> _Work task_
Your task is to retype every entry exactly while omitting the pictures.

++++++++

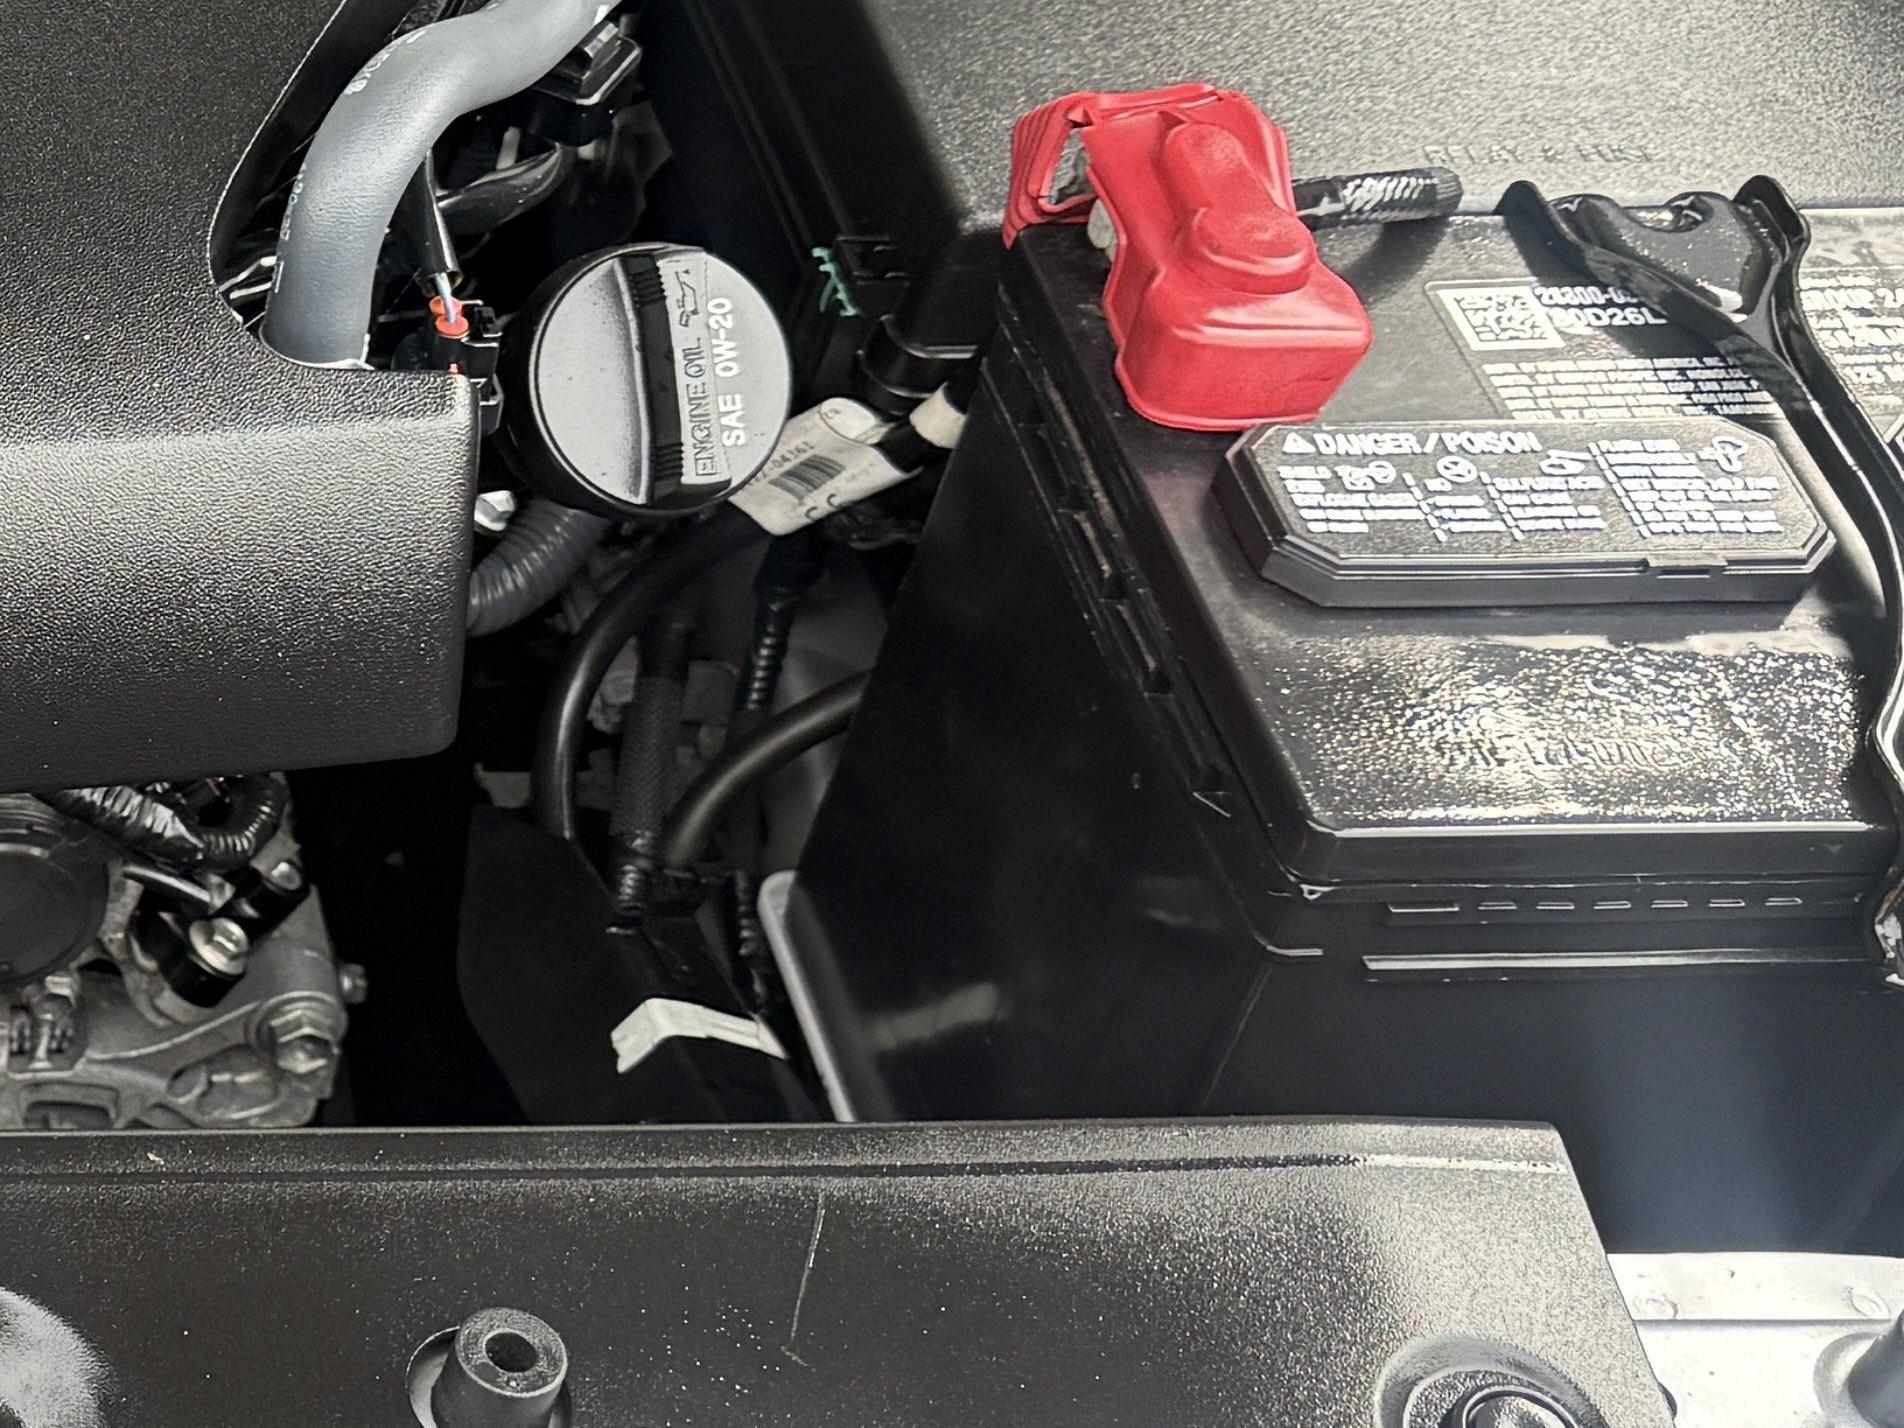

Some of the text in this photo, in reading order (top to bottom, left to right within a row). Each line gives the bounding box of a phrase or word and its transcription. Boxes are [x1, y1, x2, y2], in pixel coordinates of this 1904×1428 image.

[682, 336, 717, 477] ENGINE OIL
[707, 296, 747, 448] SAE 0W-20
[1313, 432, 1423, 455] DANGER
[1439, 431, 1543, 455] POISON

++++++++

> _Task result_
Some of the text in this photo, in reading order (top to bottom, left to right within a row). Each line gives the bounding box of a phrase or word and its transcription. Boxes are [x1, y1, x2, y2], in pixel coordinates of this 1904×1428 image.

[682, 336, 717, 477] ENGINE OIL
[707, 296, 747, 448] SAE 0W-20
[1313, 432, 1423, 455] DANGER
[1439, 431, 1543, 455] POISON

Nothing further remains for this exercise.